### [Exercise instructions]
Where an image appears in the data, omit it and reproduce the rest exactly.

※ ※ ※

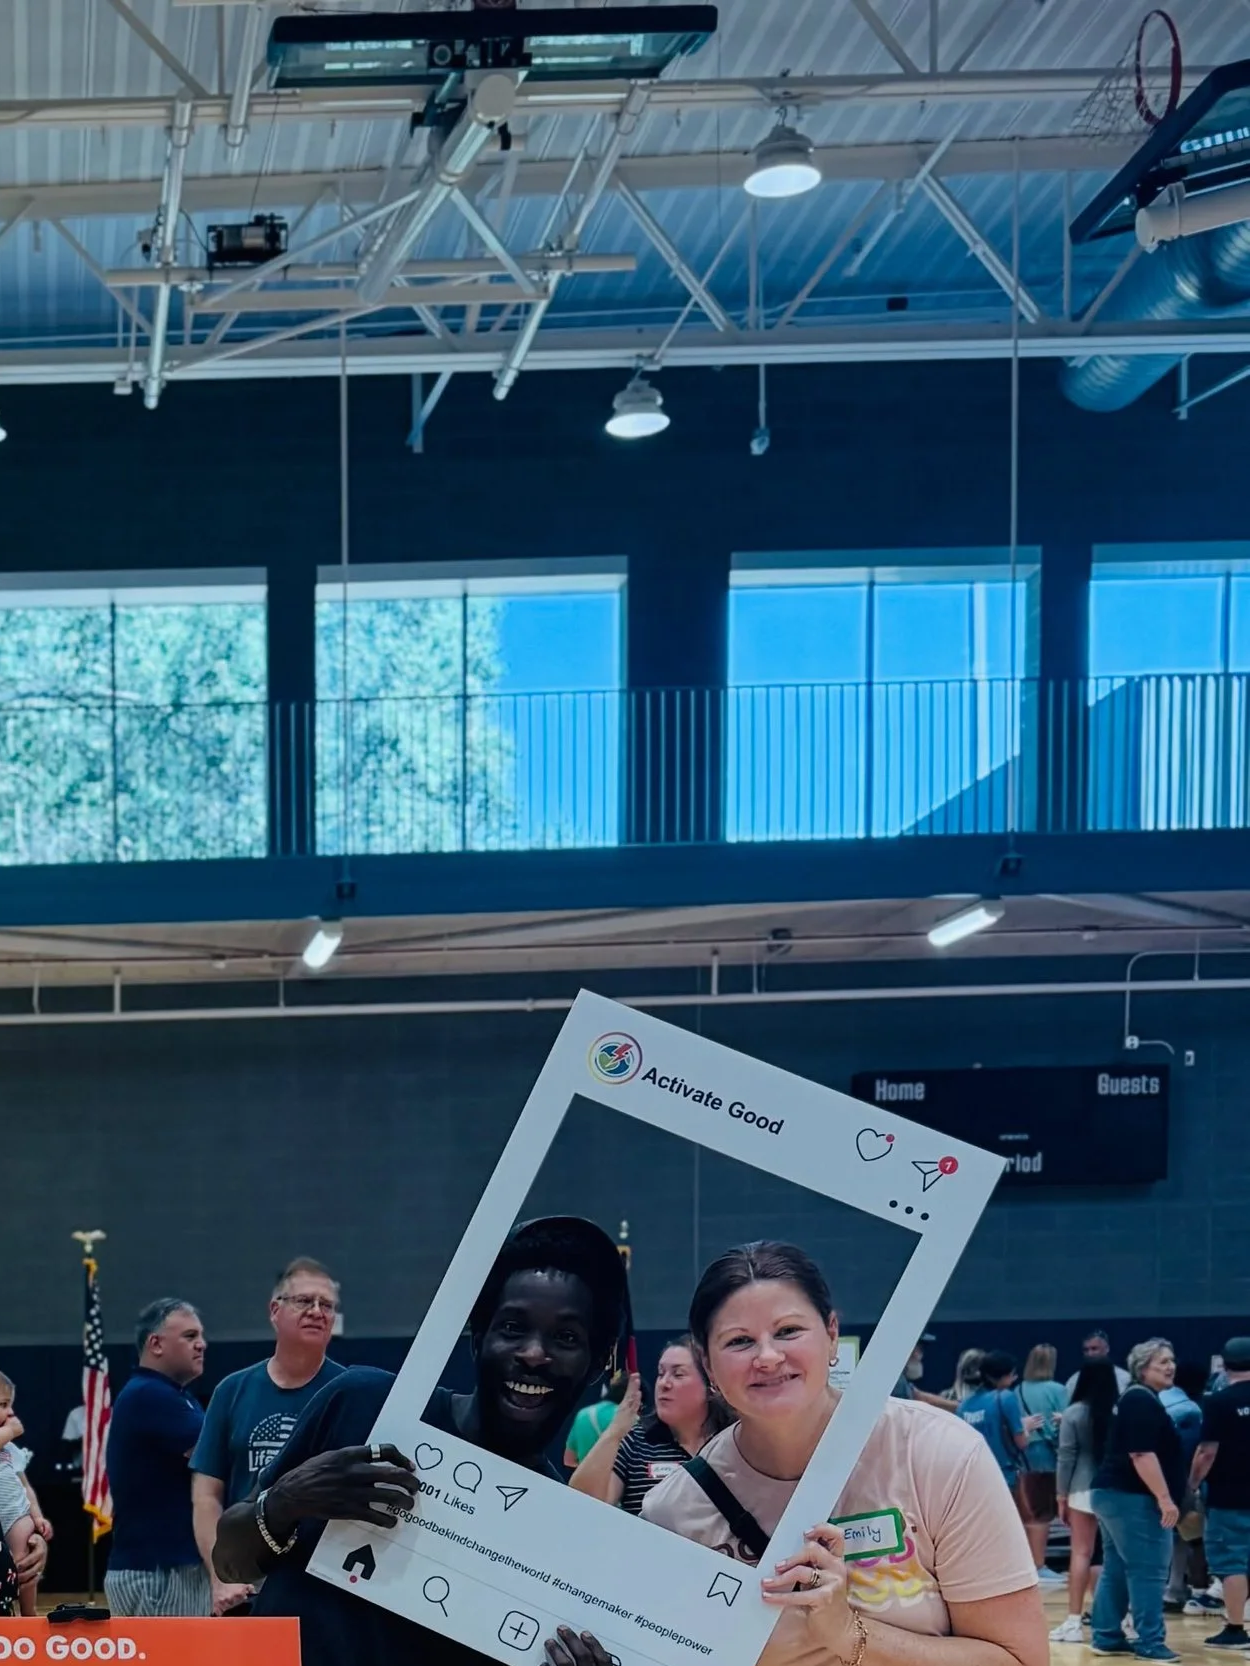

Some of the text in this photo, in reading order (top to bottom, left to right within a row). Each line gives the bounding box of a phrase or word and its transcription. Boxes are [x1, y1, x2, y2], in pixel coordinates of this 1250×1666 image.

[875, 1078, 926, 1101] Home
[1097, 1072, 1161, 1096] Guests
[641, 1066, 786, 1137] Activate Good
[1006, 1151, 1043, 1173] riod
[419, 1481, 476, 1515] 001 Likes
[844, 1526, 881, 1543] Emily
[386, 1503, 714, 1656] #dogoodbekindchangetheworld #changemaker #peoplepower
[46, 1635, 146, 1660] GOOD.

※ ※ ※

### [Exercise solution]
Some of the text in this photo, in reading order (top to bottom, left to right within a row). Each line gives the bounding box of a phrase or word and its transcription. Boxes are [x1, y1, x2, y2], in pixel coordinates of this 1250×1666 image.

[875, 1078, 926, 1101] Home
[1097, 1072, 1161, 1096] Guests
[641, 1066, 786, 1137] Activate Good
[1006, 1151, 1043, 1173] riod
[419, 1481, 476, 1515] 001 Likes
[844, 1526, 881, 1543] Emily
[386, 1503, 714, 1656] #dogoodbekindchangetheworld #changemaker #peoplepower
[46, 1635, 146, 1660] GOOD.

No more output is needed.